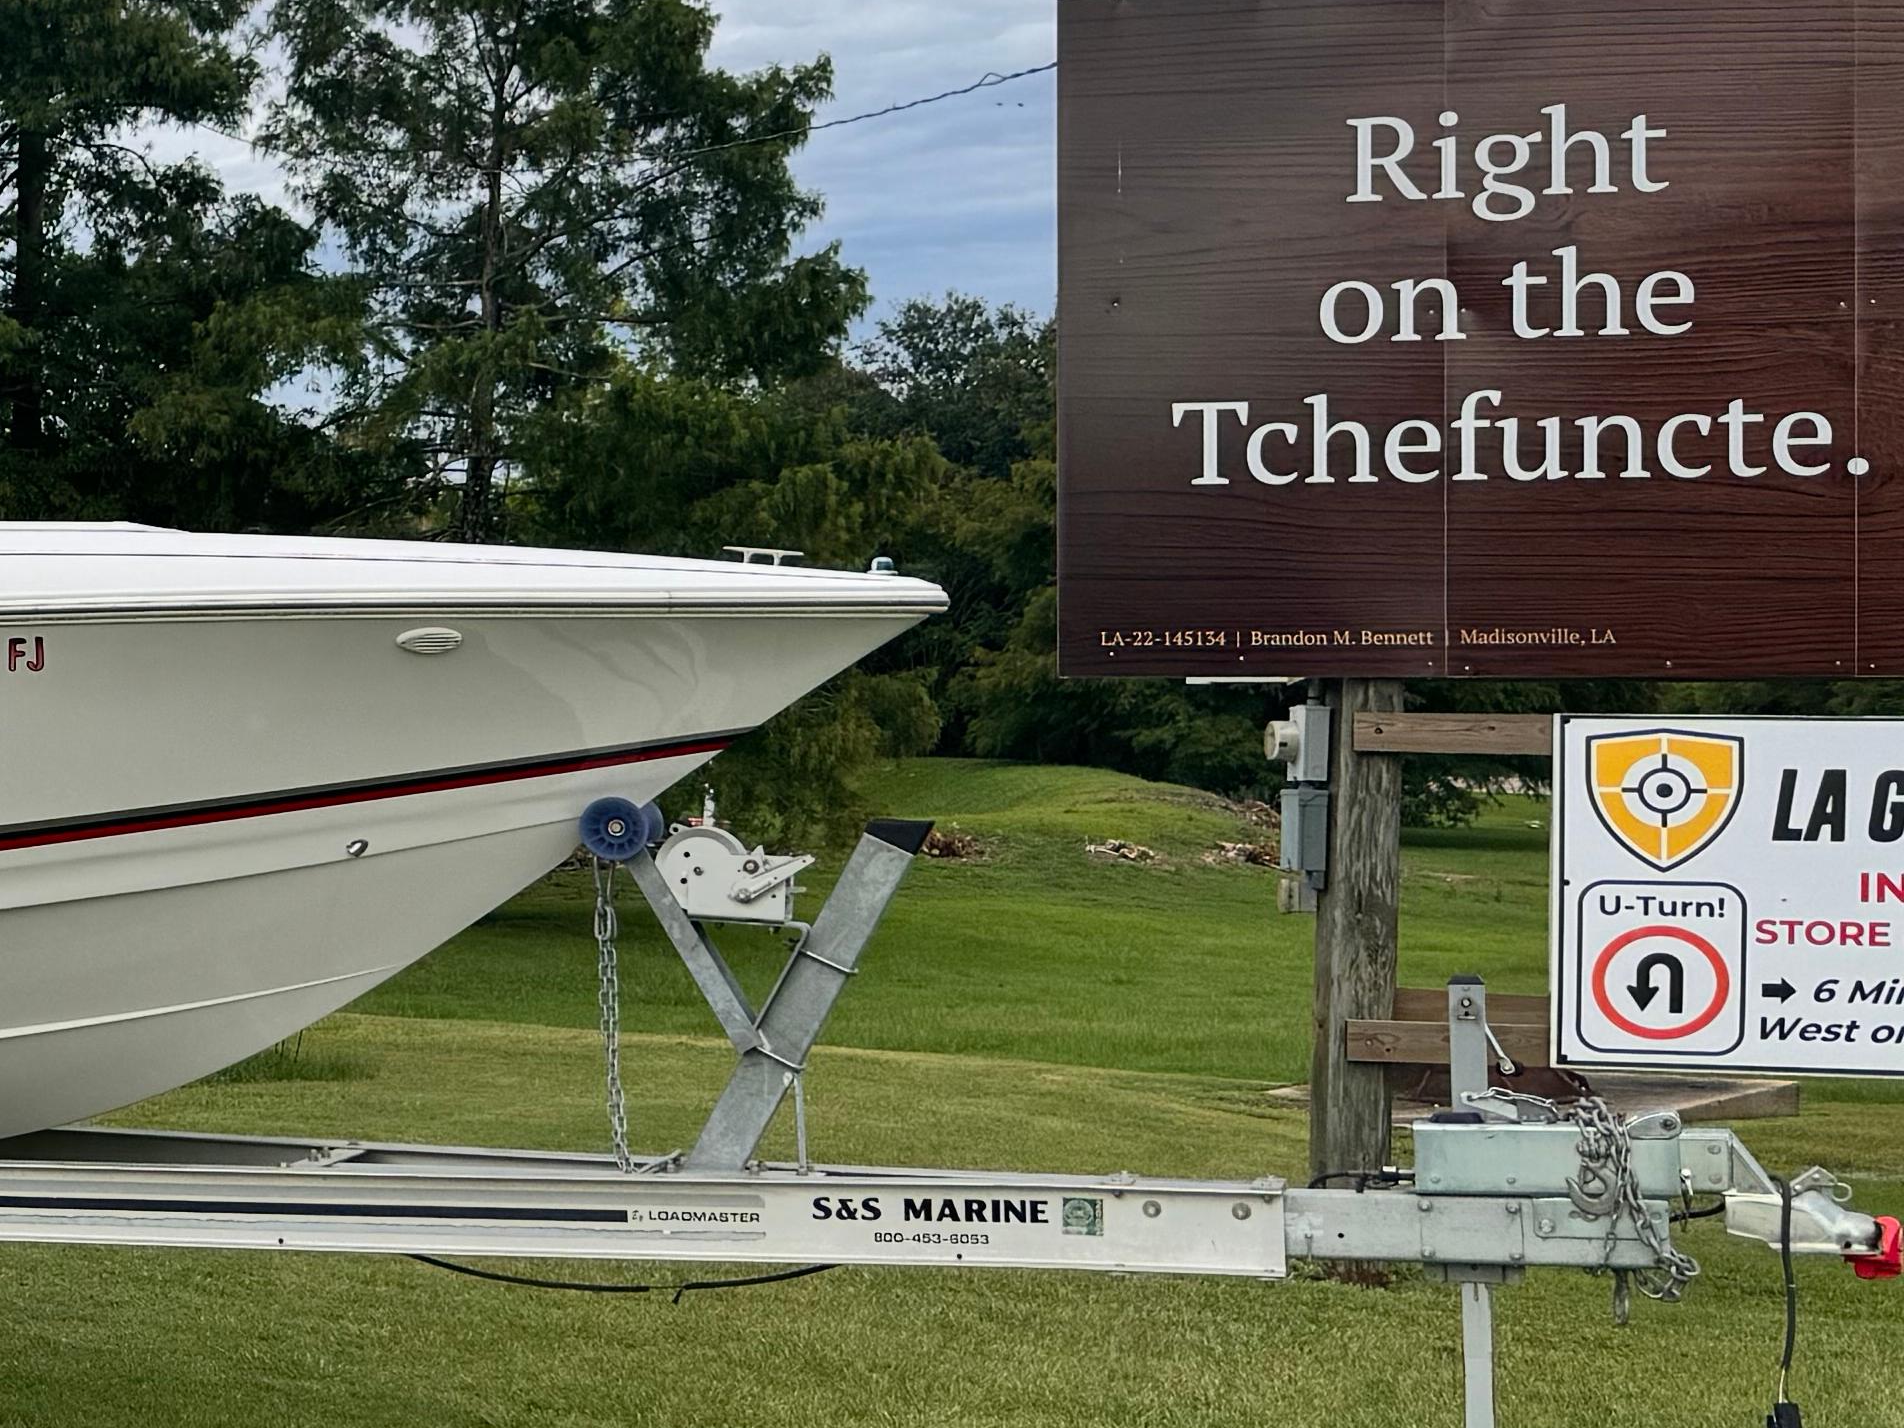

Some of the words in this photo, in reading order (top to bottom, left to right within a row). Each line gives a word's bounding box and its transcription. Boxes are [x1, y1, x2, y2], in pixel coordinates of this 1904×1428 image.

[1345, 103, 1670, 222] Right
[1319, 278, 1467, 344] on
[1501, 245, 1695, 339] the
[1171, 389, 1870, 485] Tchefuncte.
[1101, 630, 1226, 647] LA-22-145134
[1250, 630, 1328, 646] Brandon
[1333, 630, 1356, 646] M.
[1361, 630, 1434, 646] Bennett
[1460, 628, 1586, 647] Madisonville,
[1591, 628, 1617, 644] LA
[7, 637, 45, 672] FJ
[1771, 768, 1847, 842] LA
[1868, 769, 1904, 842] G
[1599, 895, 1725, 918] U-Turn!
[1755, 919, 1890, 947] STORE
[1813, 979, 1840, 1003] 6
[1760, 1016, 1860, 1043] West
[649, 1210, 760, 1223] LOADMASTER
[812, 1196, 882, 1221] S&S
[903, 1198, 1049, 1224] MARINE
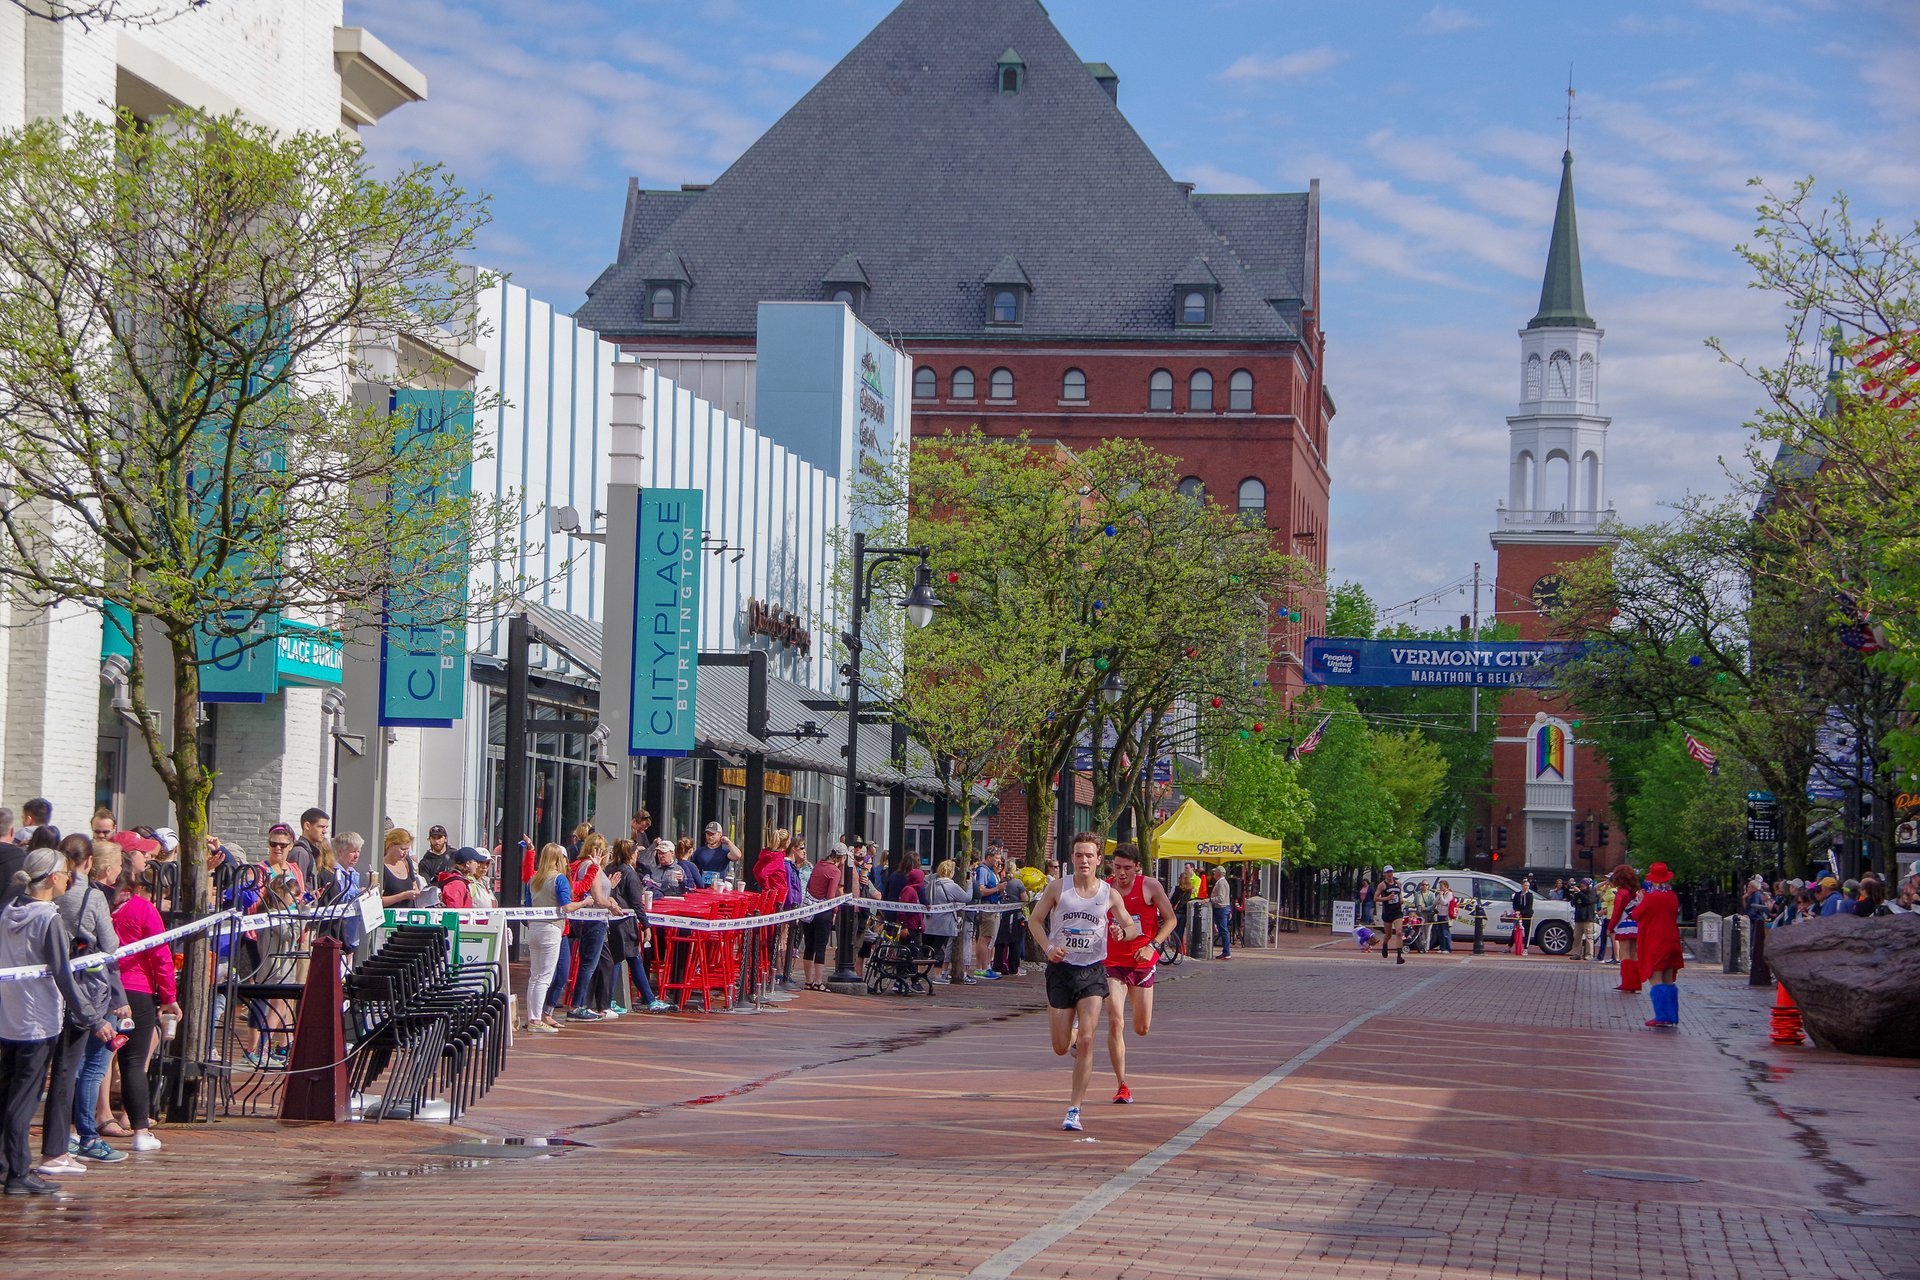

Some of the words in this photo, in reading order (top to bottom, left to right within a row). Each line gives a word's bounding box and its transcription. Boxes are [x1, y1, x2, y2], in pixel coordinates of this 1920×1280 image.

[650, 502, 681, 736] CITYPLACE
[677, 528, 694, 711] BURLINGTON
[1322, 653, 1353, 663] People's
[1327, 660, 1353, 668] United
[1391, 648, 1493, 667] VERMONT
[1496, 650, 1545, 667] CITY
[1411, 670, 1472, 683] MARATHON
[1477, 673, 1484, 683] &
[1488, 672, 1523, 684] RELAY
[1063, 911, 1100, 926] BOWDOIN
[1065, 937, 1090, 949] 2892

What this task involves — The records above should be repeated exactly, with no pictures in the copy.

Written response —
Some of the words in this photo, in reading order (top to bottom, left to right within a row). Each line gives a word's bounding box and its transcription. Boxes are [x1, y1, x2, y2], in pixel coordinates of this 1904×1428 image.

[1345, 103, 1670, 222] Right
[1319, 278, 1467, 344] on
[1501, 245, 1695, 339] the
[1171, 389, 1870, 485] Tchefuncte.
[1101, 630, 1226, 647] LA-22-145134
[1250, 630, 1328, 646] Brandon
[1333, 630, 1356, 646] M.
[1361, 630, 1434, 646] Bennett
[1460, 628, 1586, 647] Madisonville,
[1591, 628, 1617, 644] LA
[7, 637, 45, 672] FJ
[1771, 768, 1847, 842] LA
[1868, 769, 1904, 842] G
[1599, 895, 1725, 918] U-Turn!
[1755, 919, 1890, 947] STORE
[1813, 979, 1840, 1003] 6
[1760, 1016, 1860, 1043] West
[649, 1210, 760, 1223] LOADMASTER
[812, 1196, 882, 1221] S&S
[903, 1198, 1049, 1224] MARINE

Some of the words in this photo, in reading order (top to bottom, left to right within a row). Each line gives a word's bounding box and its transcription. Boxes are [x1, y1, x2, y2], in pixel coordinates of this 1920×1280 image.

[650, 502, 681, 736] CITYPLACE
[677, 528, 694, 711] BURLINGTON
[1322, 653, 1353, 663] People's
[1327, 660, 1353, 668] United
[1391, 648, 1493, 667] VERMONT
[1496, 650, 1545, 667] CITY
[1411, 670, 1472, 683] MARATHON
[1477, 673, 1484, 683] &
[1488, 672, 1523, 684] RELAY
[1063, 911, 1100, 926] BOWDOIN
[1065, 937, 1090, 949] 2892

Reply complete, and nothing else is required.